While Baker used a specific dollar figure ($30,000), the proposal was light on details.
He termed it a “conversation starter.”
Big 12 commissioner Brett Yormark called it “directionally correct.”
Now comes the hard part: Ramming a revolutionary proposal through the NCAA’s labyrinthine legislative process that features multiple divisions, hundreds of committees and a membership that includes both Alabama and Alabama A&M.
How many of the 133 major college football schools would opt into the new subdivision?
The investment required would be substantial. For many universities, paying half the athletes $30,000 annually becomes a $6 million budget hit — and that’s the minimum. There’s no cap, so some schools could pay double or triple the proposed amount. (Hello, SEC!) Add the NIL compensation piece, and it’s easy to see the cost zooming past $10 million annually.
Within the Pac-12 footprint, USC, Oregon and Washington would opt in. They have the resources, brand names and fan passion to make subdivision membership a community imperative.
Others would join, as well. But to what degree? Could schools with budget issues (Arizona, Cal, UCLA, Oregon State and Washington State) offer competitive investments in the trust funds?
Would Arizona State, Utah and Colorado do the same? The Utes, in particular, have always managed their money well. How would they define a reasonable investment level?
But the subdivision would require more than a mammoth cash outlay. It demands a philosophical shift. Would all the Pac-12 schools be willing to join the world of uncapped payments to athletes? Is Stanford ready to take that step? Is Cal?
Longtime NCAA watchers wondered if the autonomy provided by Baker’s subdivision might delay the endgame many foresee, with the heavyweight football programs breaking away from the NCAA in the 2030s to create their own league, a mini-NFL.

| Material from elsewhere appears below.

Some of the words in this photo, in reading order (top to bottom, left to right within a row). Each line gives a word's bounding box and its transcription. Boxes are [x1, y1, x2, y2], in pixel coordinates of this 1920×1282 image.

But there’s another possible outcome: The subdivisions expedite the formation of a SuperLeague by adding stress to the system and forcing universities of higher education to define their financial and institutional relationships with athletes.
Also, Baker’s proposal is unlikely to eliminate the legal challenges facing the NCAA, with the House case atop the list of existential threats.

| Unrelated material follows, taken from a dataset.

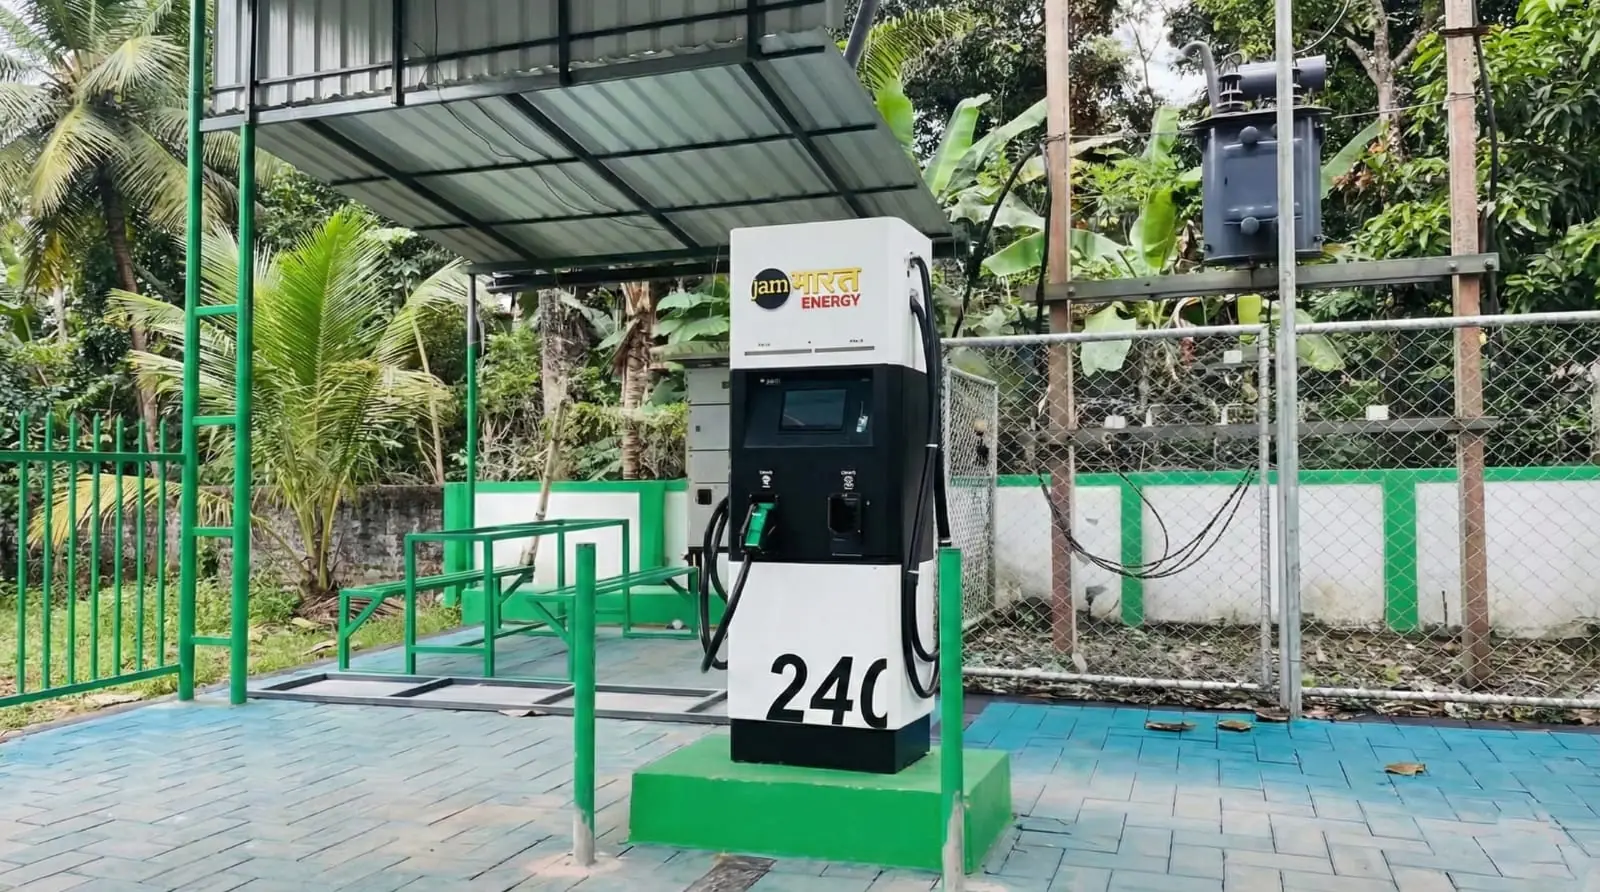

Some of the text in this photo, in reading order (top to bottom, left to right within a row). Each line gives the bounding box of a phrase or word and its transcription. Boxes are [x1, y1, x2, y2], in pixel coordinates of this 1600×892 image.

[751, 278, 789, 301] jam
[791, 268, 862, 294] भारत
[801, 294, 861, 309] ENERGY

Grant House, a former Arizona State swimmer, is the named plaintiff in a massive class-action suit against the NCAA that seeks not only NIL back-pay for thousands of athletes but also attempts to force schools into sharing a portion of their media rights money with the athletes.
The damages could carry an eight-figure cost; the revenue-sharing piece will divert millions annually in future media dollars from the schools to the athletes.

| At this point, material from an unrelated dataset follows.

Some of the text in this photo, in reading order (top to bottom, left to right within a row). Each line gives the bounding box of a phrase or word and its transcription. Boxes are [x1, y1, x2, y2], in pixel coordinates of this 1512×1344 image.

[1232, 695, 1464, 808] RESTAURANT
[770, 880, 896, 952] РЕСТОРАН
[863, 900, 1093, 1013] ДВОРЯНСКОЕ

The attorneys for House aren’t likely to drop the case because Baker isn’t Emmert.
If schools must pay into the trust funds (outlined by Baker) and share media revenue with athletes (as dictated by a loss in the House case), the resulting economic pressures could hasten the arrival of the SuperLeague.
The Hotline attempts to view the subdivision proposal through the same lens used for other earth-moving developments across college sports: How will it be received in Columbus, Ann Arbor and South Bend? In Tuscaloosa, Athens and Baton Rouge? In Austin, Norman and Los Angeles?
Because the future of 2,000 schools across all NCAA divisions, and especially the 100-something athletic departments in the FBS, hinges on decisions made in coming years by the handful of bluebloods at the very top of the Power Five hierarchy.
We often describe college football with a broad brush, as the Power Five and the Group of Five, but those terms don’t reflect the sport’s true hierarchy.
In reality, the eight or 10 schools that drive billion-dollar media deals are subsidizing everyone else.
As changes take root and costs rise, so will the need for cash — and a reluctance to share their revenue with the remainder of the FBC, Division I and the entire NCAA.
Baker had no choice but to call for a Hail Mary. Problem is, the ball’s on his own 20.